C’è il libro che avevamo amato e ora, alla rilettura, ci chiediamo come ciò sia stato possibile; e l’altro libro del quale, invece, ci è ben chiaro come sia stato possibile e ci prende una tenerezza, una nostalgia per quella/quel tale di quel tempo, cui la vita offriva una montagna di possibilità, che la lettura pareva quasi portarli vicini a realizzare, delle quali oggi sopravvive solo un ricordo senza desiderio – tutte quelle belle storie d’amore, e di avventure, di eroismi e quant’altro.
Nel tempo, diventiamo più selettivi – lo diciamo non solo parlando di libri, e dicendolo ci sentiamo migliori, partecipi di quella maturità che affina il gusto e rende capaci di scegliere con competenza anche il piacere – pur sapendo bene che, a forza di selezionare, fosse pure con ragioni valide, diventiamo un po’ meno capaci di provarlo.

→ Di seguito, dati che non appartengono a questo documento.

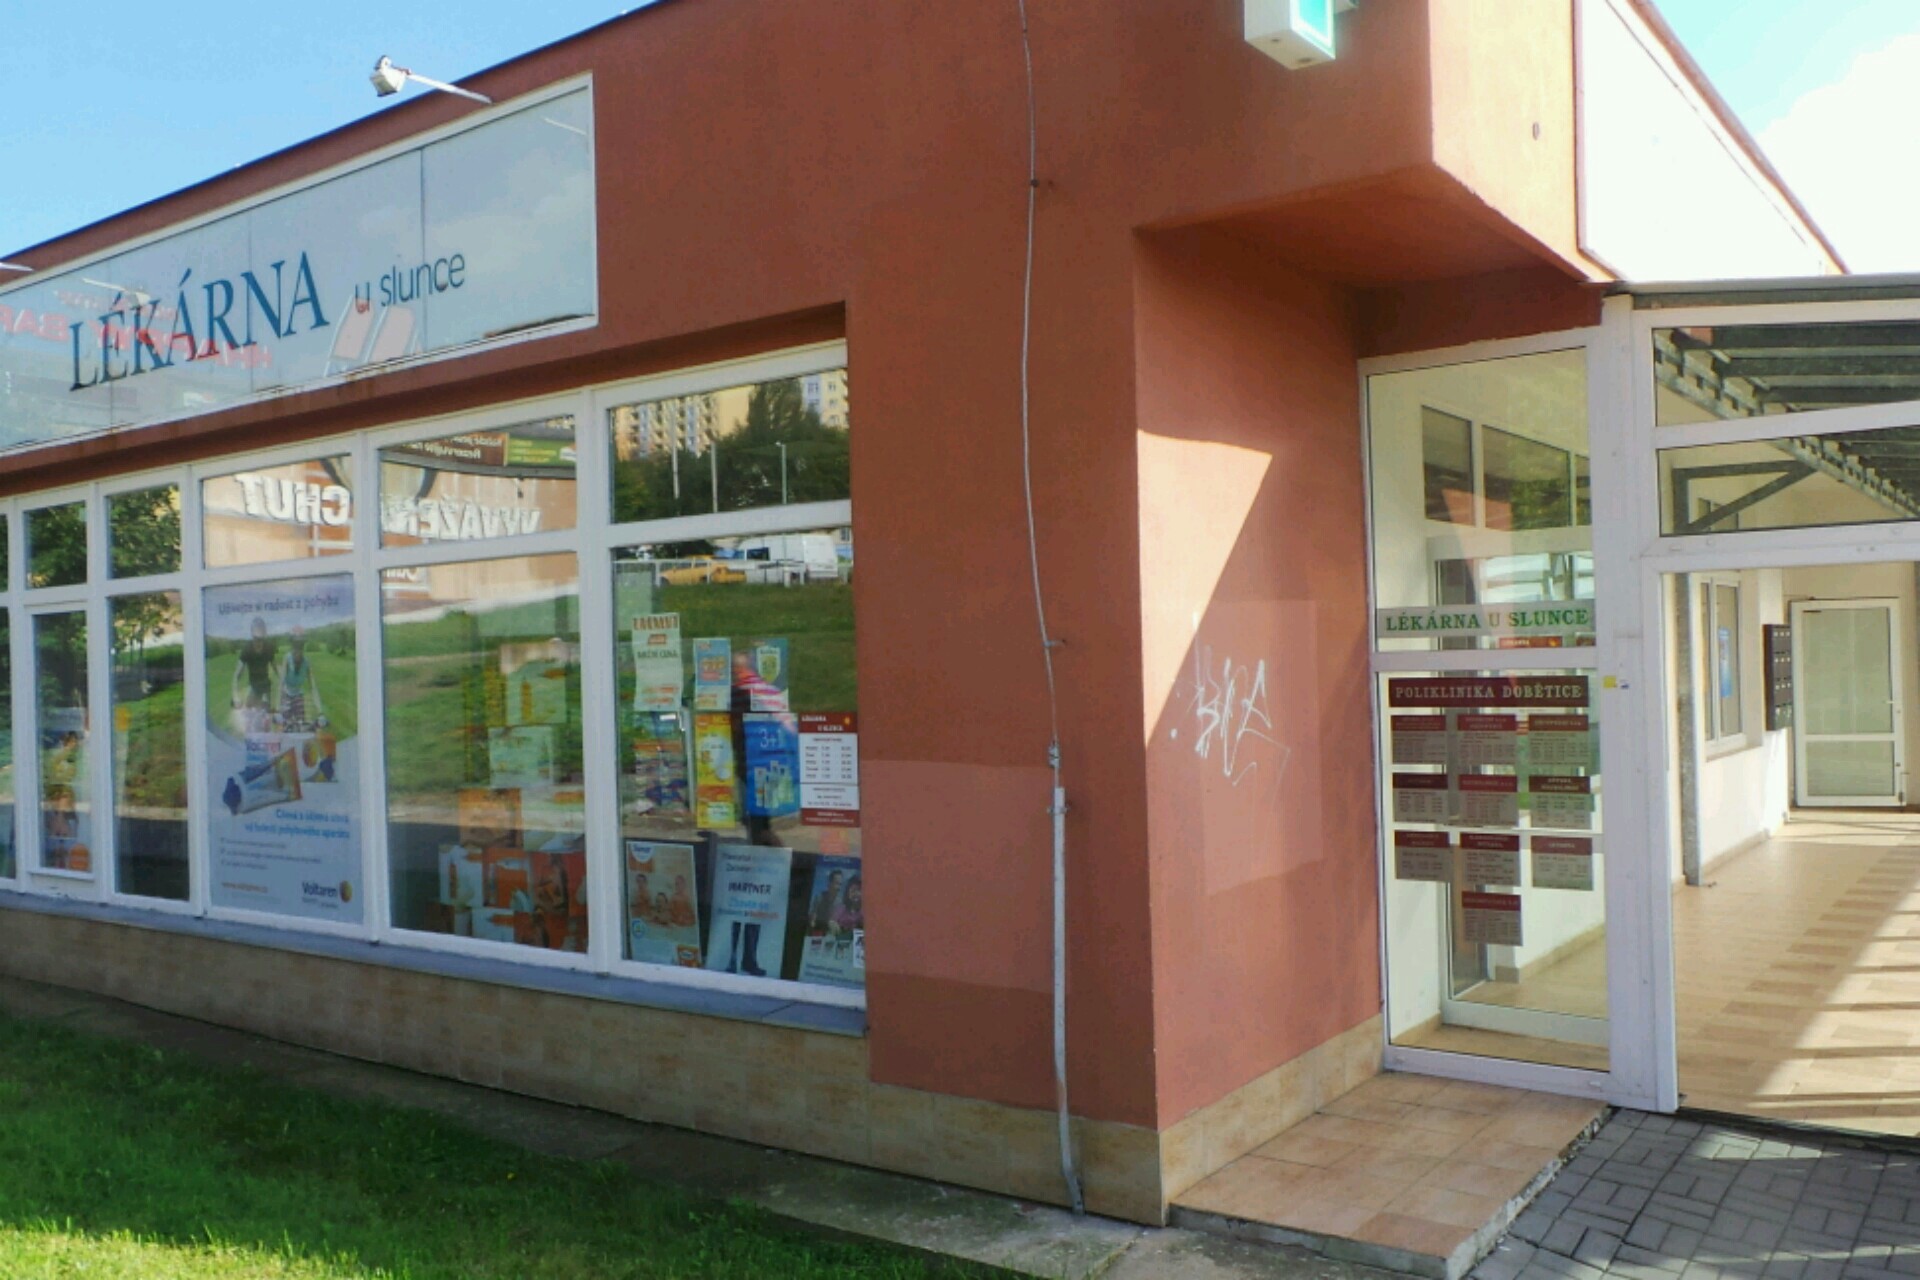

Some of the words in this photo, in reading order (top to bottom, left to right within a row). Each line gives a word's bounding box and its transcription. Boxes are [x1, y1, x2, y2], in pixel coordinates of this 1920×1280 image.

[355, 283, 372, 313] u
[380, 251, 466, 308] slunce
[69, 250, 330, 392] LÉKÁRNA
[1386, 610, 1482, 631] LÉKÁRNA
[1489, 613, 1501, 628] U
[1508, 609, 1589, 627] SLUNCE
[1395, 685, 1495, 699] POLIKLINIKA
[1502, 682, 1583, 699] DOBĚTICE
[302, 881, 338, 898] Voltaren

C’è poi, e soprattutto, un particolare tipo di libro. Quello che ci sta annoiando un po’, non del tutto ma anche sì; il libro che siamo tentati di lasciare a metà perché, in effetti, durante la lettura, ci si distrae, pure se è sempre un libro di quel/quella tale, come dire una certezza; la cui storia, questa volta, non trattiene sulla pagina, non del tutto. Ed è un libro che, contro ogni previsione, non verrà lasciato. Sarà letto, fino all’ultima riga. Gli offriremo e ci offriremo poi anche una seconda possibilità: che confermerà sia quel tanto di noia sia, soprattutto, il fatto che la rilettura, ancora una volta, non sarà stata interrotta. Perché?
Avviene che, qua e là, dentro una storia che poteva essere ma non è, dentro quella storia non del tutto riuscita si nascondano delle godibili perle, a prescindere.

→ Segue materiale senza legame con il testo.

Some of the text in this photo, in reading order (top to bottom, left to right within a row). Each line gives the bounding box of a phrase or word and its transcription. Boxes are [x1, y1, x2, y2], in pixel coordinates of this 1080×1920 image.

Ci saranno uno o due personaggi mirabilmente tratteggiati, che creeranno in noi il desiderio di reincontrarli; ci sarà qualche dialogo che apre possibilità, riflessioni; un elemento di umorismo inatteso, particolarmente riuscito. Cose così. Cose per le quali il gesto di chiudere il libro e cedere alla delusione verrà fermato, e magari verrà addirittura recuperato un qualche entusiasmo (ecco! Adesso va! Ha preso l’abbrivio!): di scarsa durata.
Alla rilettura, quel tanto di noia si ripresenta, e si conferma. Ma le perle emergono. Vere: in assoluto o per noi, in quel momento, è difficile a dirsi. Ambedue le cose, credo.
E accadrà – quantomeno a me capita – che lo si rilegga ancora, a balzelloni, cercando quel brano, quella frase, su cui fermarsi, di cui gustare, rotolando le parole nella mente, e quasi nella bocca, come fossero bocconcini succulenti.
Non ho mai amato, potrei dire agevolmente che aborro, le “citazioni” fuori contesto, i cosiddetti “detti celebri”. Ciò di cui parlo non ha nulla a che fare con la frase, l’epigramma, che diviene proverbiale.
E qui casca l’asino. Dubito di riuscire a condividere questa cosa.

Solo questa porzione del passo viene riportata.